In just 2 weeks, the patient received encouraging results: an increased Hb value (7.8 g/dL versus 6.3 g/dL prior to treatment) and a remarkable reduction of dyspnoea by the end of the first week of treatment. After 1 month, dyspnoea was no longer observed and the Hb value was stabilised at 7.8 g/dL. A new chest CT scan showed a reduction in the size of the EMH masses with resolution of compressive atelectasis in the right lower lobe.
After 6 months, the patient had fully improved clinically, and a comparison of chest CT scans pre-IMRT/IGRT and post-IMRT/IGRT revealed a further reduction in the size of the EMH masses. At 1-year follow-up, the patient was totally asymptomatic. They had complete resolution of dyspnoea and asthenia, with Hb values maintained at 7.3–7.8 g/dL without further blood transfusions. The patient continued therapy with hydroxyurea. A chest CT scan revealed a regular bronchovascular distribution and that the size of the EMH masses was stable with no progression (Figure 2).

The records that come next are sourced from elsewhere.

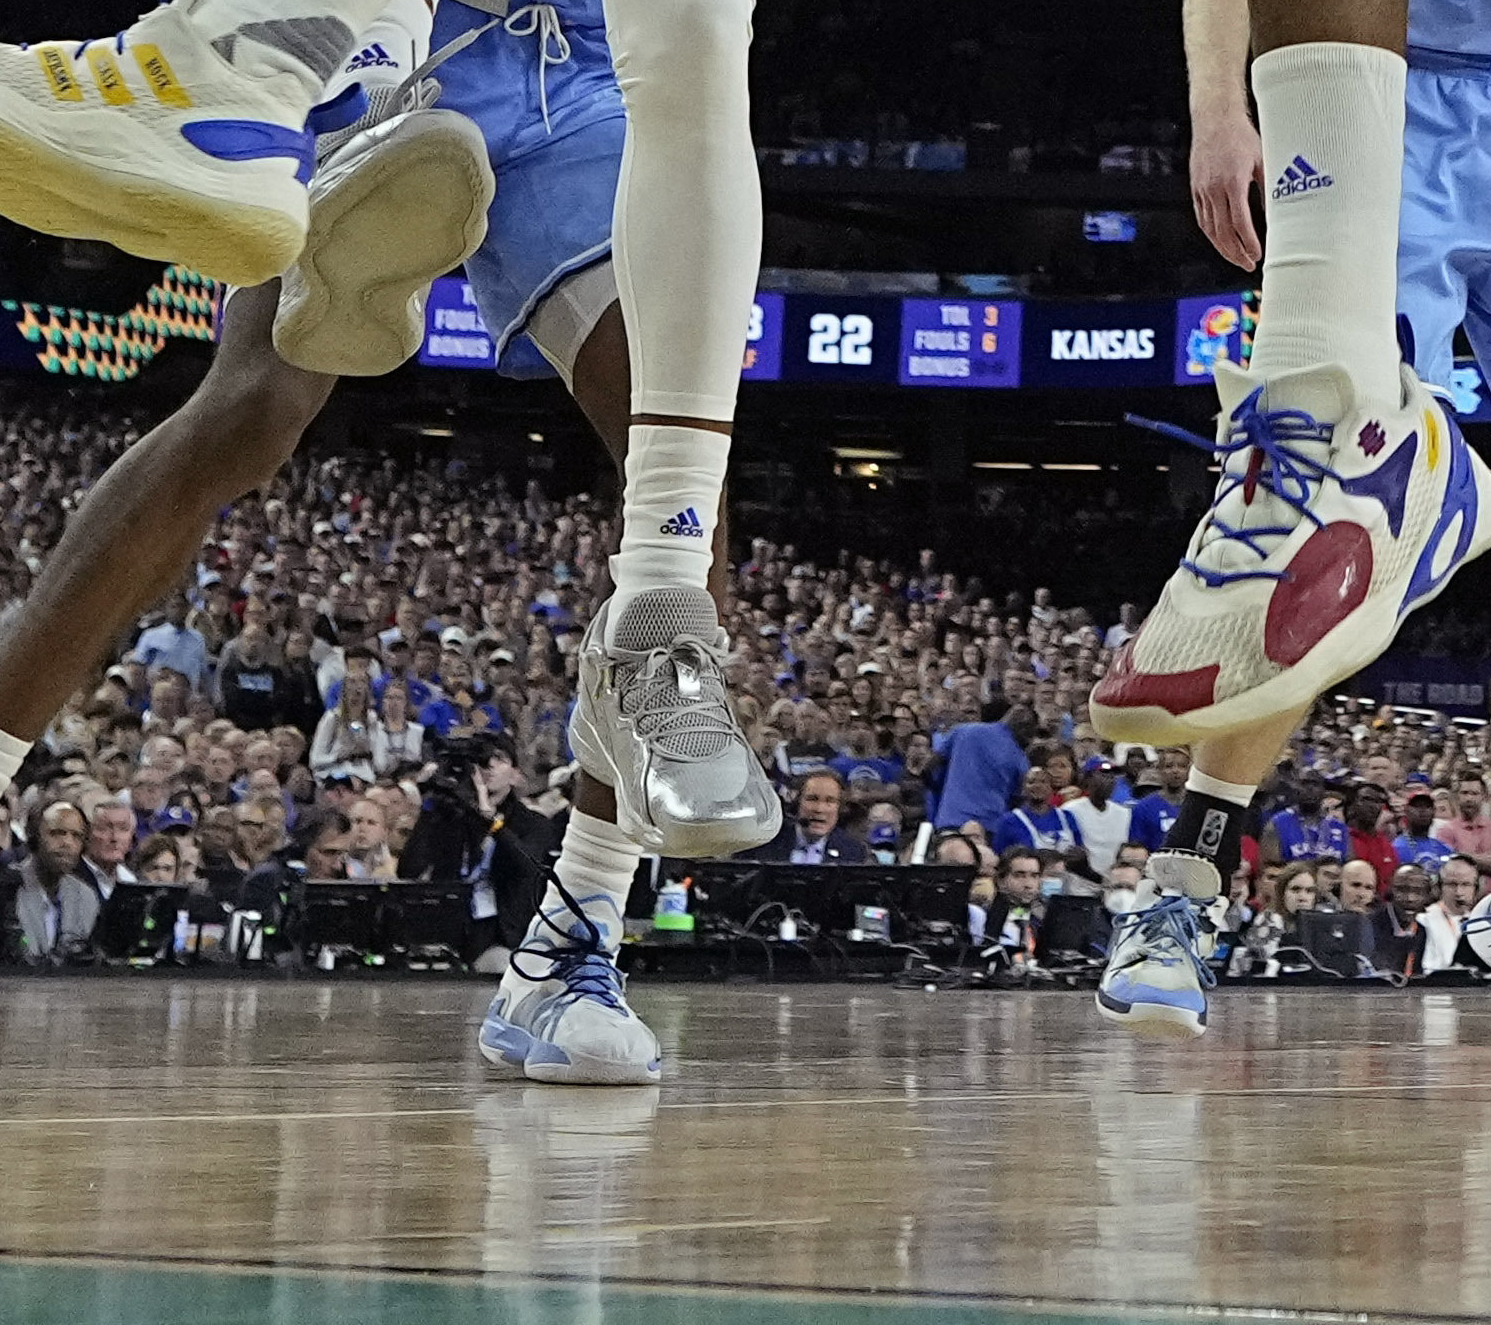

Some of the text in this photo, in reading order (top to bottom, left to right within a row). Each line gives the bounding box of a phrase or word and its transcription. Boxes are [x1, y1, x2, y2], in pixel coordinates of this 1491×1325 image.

[1271, 172, 1334, 200] adidas
[809, 314, 873, 365] 22
[914, 330, 970, 353] FOULS
[1051, 329, 1155, 360] KANSAS
[660, 522, 703, 538] adidas

EMH is a common complication of ineffective haematopoiesis that occurs in many chronic haemolytic anaemias, including thalassaemia.2-9 EMH more frequently affects the liver, spleen, lymph nodes, epidural space, and paravertebral regions;2-9 while it less frequently affects the adrenal glands, kidneys, breasts, dura mater, adipose tissue, and skin.6 Moreover, EMH usually has a predilection for impacting the lower thoracic region, but the reasons for this are not yet completely understood.4,7-9 EMH is almost exclusively asymptomatic, but in rare cases it can compress the affected organ and lead to clinical signs.2,4,7,9 Spinal cord compression due to EMH in thalassaemia was first reported in 1954 by Gatto et al.10
Diagnoses of EMH are typically made based on a background of chronic haemolytic anaemia; MRI scans are the gold standard for showing EMH masses, especially the spinal cord compression related to these. In the absence of availability or if there is a contraindication to MRI use, a CT scan may be utilised.2,4,6,7 The treatment options available for EMH include blood transfusions, hydroxyurea, surgery, RT, or a combination of these.1-8 Due to the extreme rarity of this condition, direct comparisons between various treatment modalities are not possible.

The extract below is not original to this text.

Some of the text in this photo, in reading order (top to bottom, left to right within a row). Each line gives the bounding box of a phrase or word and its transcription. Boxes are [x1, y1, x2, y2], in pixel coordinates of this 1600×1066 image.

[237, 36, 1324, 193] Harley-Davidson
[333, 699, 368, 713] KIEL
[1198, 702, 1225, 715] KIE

Salehi et al.1 reviewed 56 cases of spinal cord compression due to EMH, of which some cases were treated with RT.1 Haemopoietic tissue is extremely sensitive to radiation and low doses can cause rapid shrinkage, so the advantages of this technique include its immediate availability and rapid clinical benefits. A few authors reported patients with spinal cord compression who underwent combined surgical decompression and RT with good results.2,7,11-13 In the cases reviewed, the radiation dosage used most frequently in different treatment protocols ranged from 1,000 cGY to 3,000 cGy.1,2
This case report presents a patient with respiratory symptoms due to the presence of paravertebral EMH masses. After RT, the patient showed a rapid and remarkable reduction of dyspnoea. There was a progressive reduction in the size of the EMH masses, and at 1-year follow-up, the patient was totally asymptomatic with no side effects occurring. Therefore, it was concluded that RT may be an optimal and safe therapeutic approach in such cases.

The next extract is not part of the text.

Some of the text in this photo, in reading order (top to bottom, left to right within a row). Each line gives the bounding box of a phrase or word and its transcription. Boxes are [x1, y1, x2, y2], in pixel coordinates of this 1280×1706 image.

The therapeutic approach to EMH remains controversial because there are no pre-established protocols, with current treatments including serial blood transfusions, hydroxyurea, RT, and surgical decompression. This clinical case description reported how IMRT/IGRT HT can be used as a valid and effective treatment for compressive atelectasis due to EMH. The patient presented here showed rapid and remarkable results. They reported no more dyspnoea at 1-year follow-up and an increased Hb value, as well as a reduction in the size of EMH masses.